:: Data records

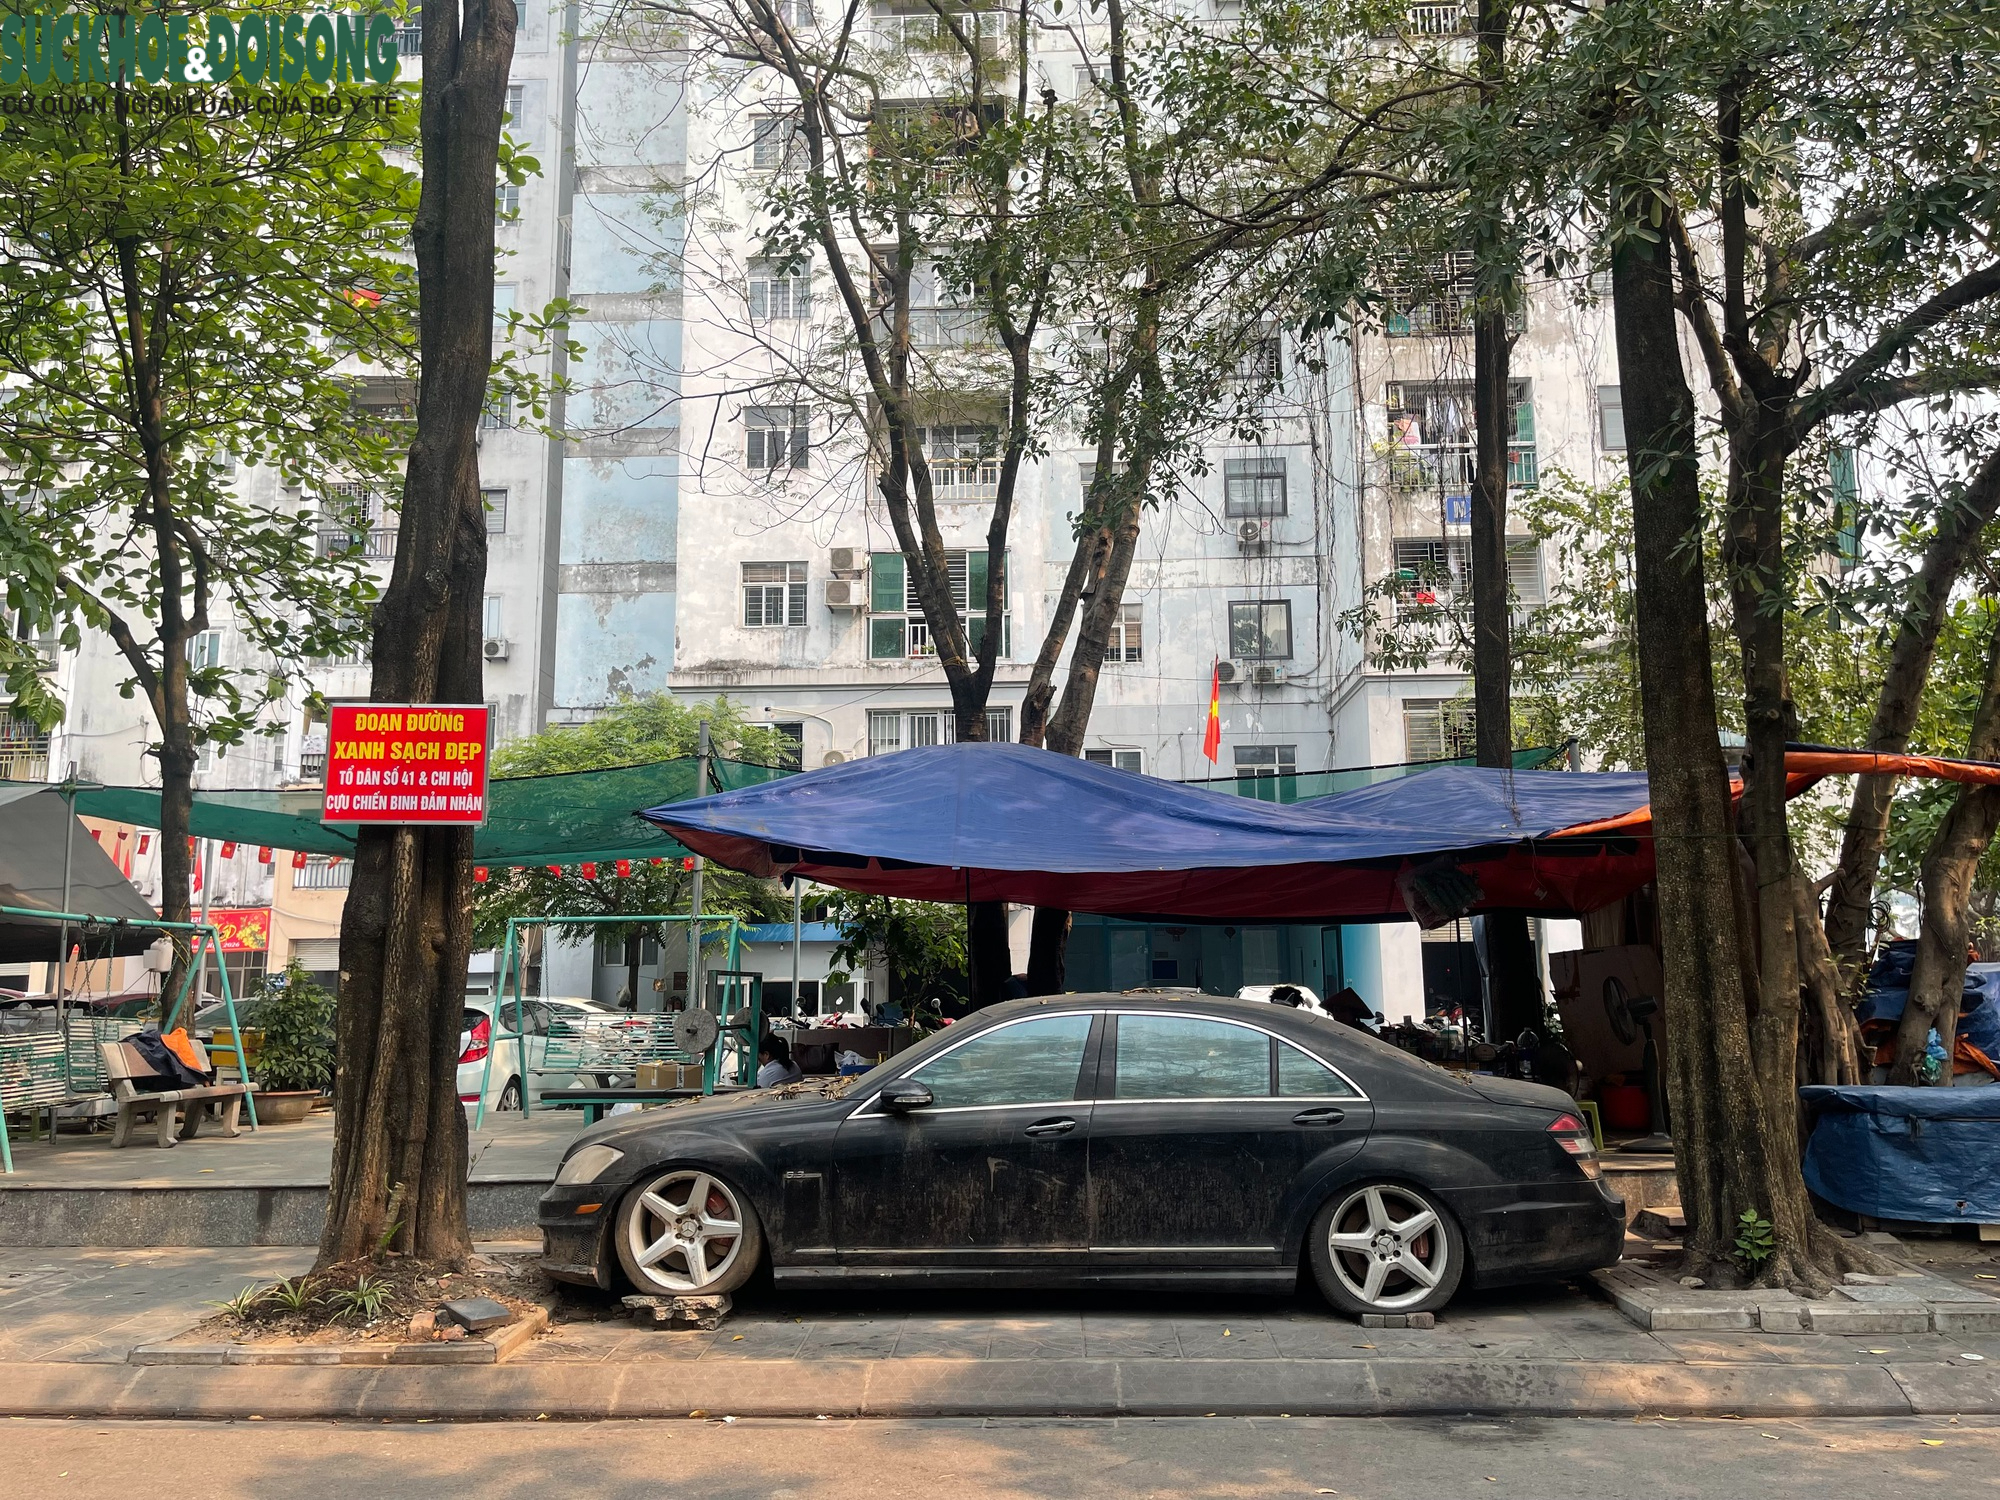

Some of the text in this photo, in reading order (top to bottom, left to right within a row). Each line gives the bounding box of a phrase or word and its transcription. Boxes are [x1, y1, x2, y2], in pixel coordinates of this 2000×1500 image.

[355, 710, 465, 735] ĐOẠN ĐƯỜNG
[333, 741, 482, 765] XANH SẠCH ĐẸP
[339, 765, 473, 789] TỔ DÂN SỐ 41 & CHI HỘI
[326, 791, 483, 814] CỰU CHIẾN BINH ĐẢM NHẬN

::::

What the task requires ▸ Word for word, reproduce all of the entries above and omit the pictures.

Answer for this exercise ▸
Some of the text in this photo, in reading order (top to bottom, left to right within a row). Each line gives the bounding box of a phrase or word and its transcription. Boxes are [x1, y1, x2, y2], in pixel coordinates of this 2000×1500 image.

[355, 710, 465, 735] ĐOẠN ĐƯỜNG
[333, 741, 482, 765] XANH SẠCH ĐẸP
[339, 765, 473, 789] TỔ DÂN SỐ 41 & CHI HỘI
[326, 791, 483, 814] CỰU CHIẾN BINH ĐẢM NHẬN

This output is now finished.